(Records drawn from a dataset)
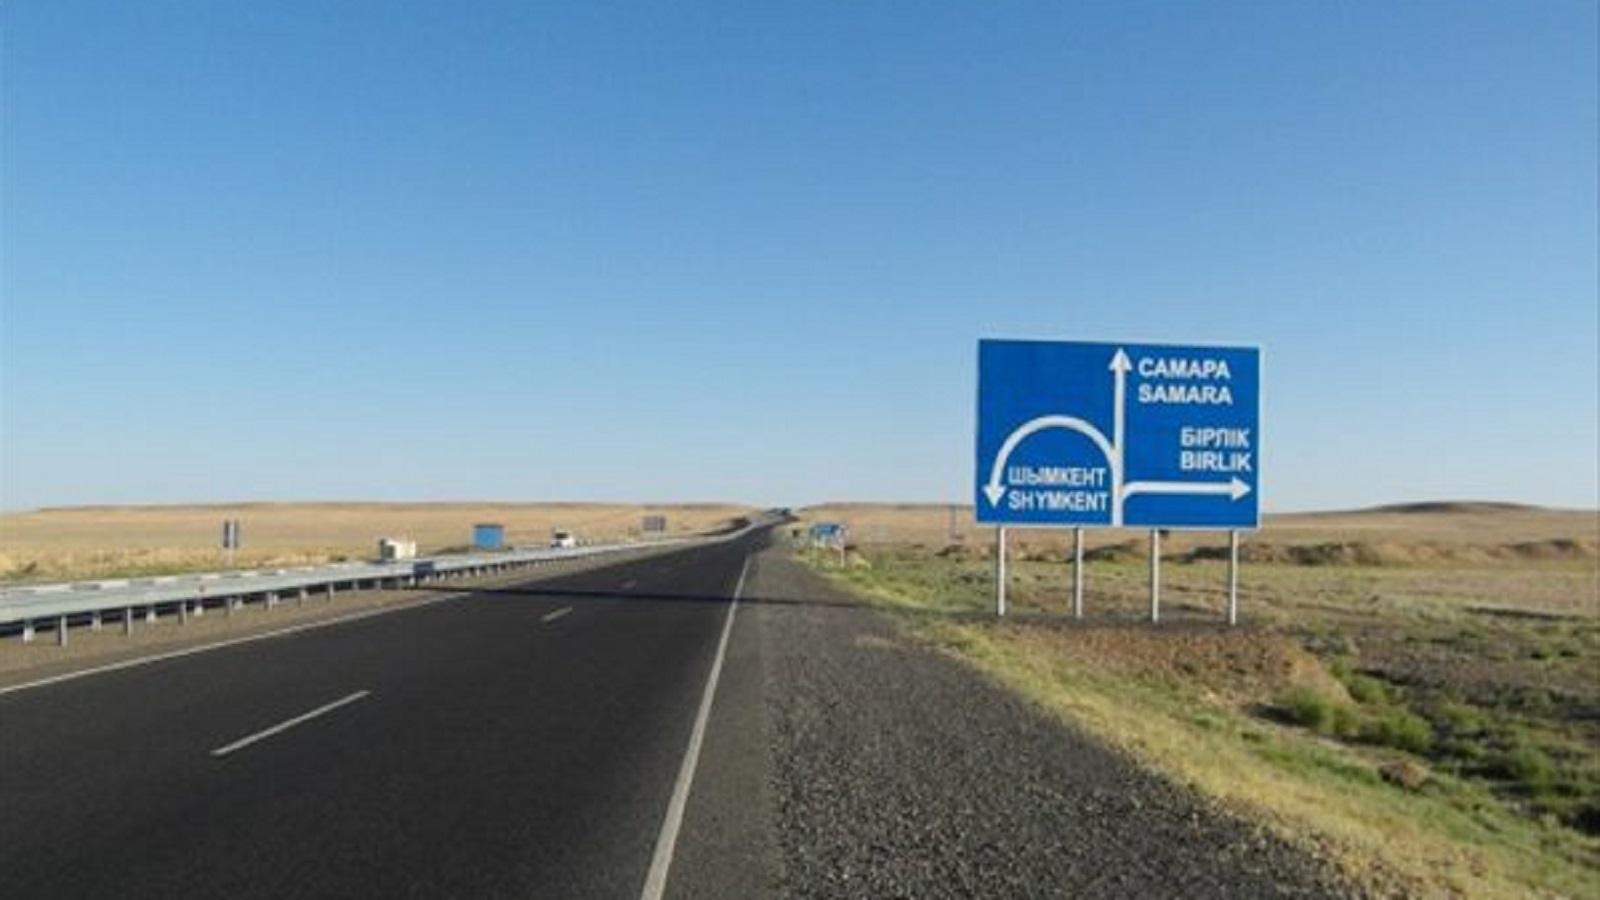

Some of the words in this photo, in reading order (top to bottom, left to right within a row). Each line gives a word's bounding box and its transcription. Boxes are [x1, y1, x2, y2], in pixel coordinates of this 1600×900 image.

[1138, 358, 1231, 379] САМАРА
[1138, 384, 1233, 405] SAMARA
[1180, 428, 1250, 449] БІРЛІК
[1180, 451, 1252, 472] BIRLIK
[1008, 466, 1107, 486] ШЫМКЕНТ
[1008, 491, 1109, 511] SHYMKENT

Assignment:
Repeat the data exactly, dropping every picture it holds.

Exercise solution:
Some of the words in this photo, in reading order (top to bottom, left to right within a row). Each line gives a word's bounding box and its transcription. Boxes are [x1, y1, x2, y2], in pixel coordinates of this 1600×900 image.

[1138, 358, 1231, 379] САМАРА
[1138, 384, 1233, 405] SAMARA
[1180, 428, 1250, 449] БІРЛІК
[1180, 451, 1252, 472] BIRLIK
[1008, 466, 1107, 486] ШЫМКЕНТ
[1008, 491, 1109, 511] SHYMKENT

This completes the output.